ECONOMIA


UE passa a barrar produtos de origem animal do Brasil nesta quinta (3)

Medida trata do uso de determinados medicamento antimicrobianos na produção e da capacidade dos países de comprovar que regras europeias estão sendo cumpridas

Foto: Mapa/iStock

 

A União Europeia pode colocar em prática nesta quinta-feira (3) uma nova exigência sanitária que pode interromper o ingresso de produtos de origem animal brasileiros no bloco. A medida está relacionada ao uso de determinados medicamentos antimicrobianos na produção e à capacidade dos países exportadores de comprovar que as mercadorias cumprem as regras europeias.

Para o agronegócio brasileiro, o impacto potencial é relevante porque a União Europeia é um mercado importante para as proteínas produzidas no país. Um levantamento da Associação Brasileira da Indústria de Alimentos (Abia) estimou em US$1,85 bilhão o valor das exportações brasileiras de alimentos que poderiam ficar sob risco diante das novas exigências.

Caso não haja uma mudança de última hora, embarques brasileiros de carnes e outros produtos de origem animal poderão ser barrados a partir desta quinta. A Comissão Europeia confirmou que o Brasil ainda não apresentou garantias consideradas suficientes de conformidade, embora uma auditoria esteja em andamento no país.

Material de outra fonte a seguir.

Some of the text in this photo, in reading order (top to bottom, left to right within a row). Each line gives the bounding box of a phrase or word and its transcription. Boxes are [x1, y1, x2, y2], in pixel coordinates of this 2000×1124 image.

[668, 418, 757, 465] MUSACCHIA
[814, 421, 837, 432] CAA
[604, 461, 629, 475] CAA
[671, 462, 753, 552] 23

A regulamentação europeia alcança diferentes categorias de animais e produtos de origem animal destinados ao consumo humano, incluindo bovinos, suínos, aves, produtos de aquicultura, ovos, leite, mel e outros itens. A extensão efetiva da restrição depende da categoria do produto e da habilitação correspondente do país exportador.

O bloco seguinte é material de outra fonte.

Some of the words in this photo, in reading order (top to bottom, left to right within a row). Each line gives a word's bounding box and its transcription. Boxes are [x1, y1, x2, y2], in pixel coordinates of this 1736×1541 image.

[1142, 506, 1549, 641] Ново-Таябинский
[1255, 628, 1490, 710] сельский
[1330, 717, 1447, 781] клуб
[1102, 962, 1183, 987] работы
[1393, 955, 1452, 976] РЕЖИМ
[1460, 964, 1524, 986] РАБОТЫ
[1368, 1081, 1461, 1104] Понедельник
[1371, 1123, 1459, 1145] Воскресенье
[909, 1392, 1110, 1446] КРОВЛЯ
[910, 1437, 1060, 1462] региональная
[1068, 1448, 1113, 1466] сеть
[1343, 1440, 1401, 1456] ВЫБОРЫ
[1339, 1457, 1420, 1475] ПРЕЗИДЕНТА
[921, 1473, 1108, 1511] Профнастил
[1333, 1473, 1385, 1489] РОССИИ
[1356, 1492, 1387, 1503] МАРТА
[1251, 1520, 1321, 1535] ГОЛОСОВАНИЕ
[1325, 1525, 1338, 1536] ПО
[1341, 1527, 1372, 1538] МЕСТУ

A legislação europeia proíbe, entre outras práticas, o uso de antimicrobianos como promotores de crescimento e restringe a utilização de determinadas substâncias consideradas importantes para a medicina humana.

A preocupação está relacionada à resistência antimicrobiana, fenômeno em que microrganismos deixam de responder adequadamente aos medicamentos disponíveis. Para exportar para a UE, o país precisa oferecer garantias de que os animais ou produtos utilizados na produção destinada ao bloco foram submetidos às condições exigidas pelos europeus.

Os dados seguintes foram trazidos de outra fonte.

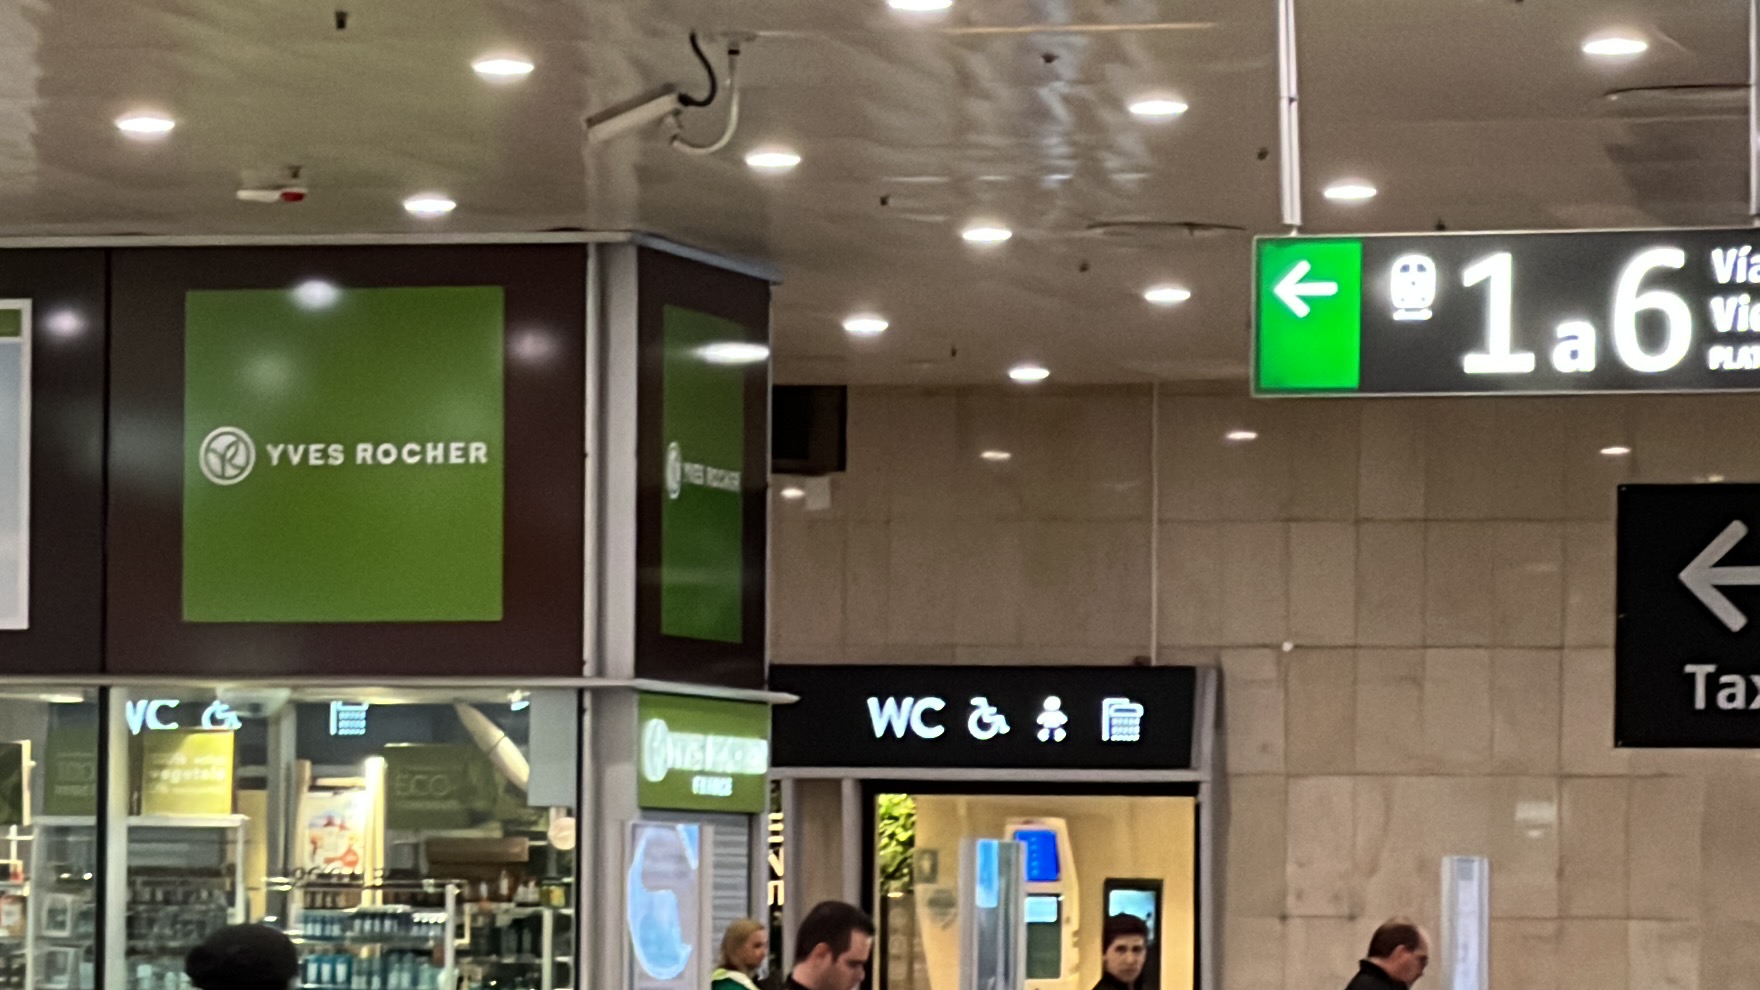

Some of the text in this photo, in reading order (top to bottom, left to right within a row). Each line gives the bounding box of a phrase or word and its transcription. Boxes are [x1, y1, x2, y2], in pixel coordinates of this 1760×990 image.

[1462, 246, 1693, 374] 1 a 6
[266, 441, 489, 466] YVES ROCHER
[867, 696, 946, 739] WC

O cumprimento da norma estabelecida tem se mostrado um processo complexo para o Brasil, pois a legislação brasileira permite o uso de alguns produtos que são autorizados pelos órgãos nacionais, mas não atendem aos critérios estabelecidos pela União Europeia.

O governo brasileiro argumenta que isso não significa necessariamente que esses produtos representem um problema sanitário dentro das regras nacionais. O desafio é garantir que os animais destinados à Europa não tenham sido submetidos às substâncias proibidas pelo bloco durante sua vida produtiva.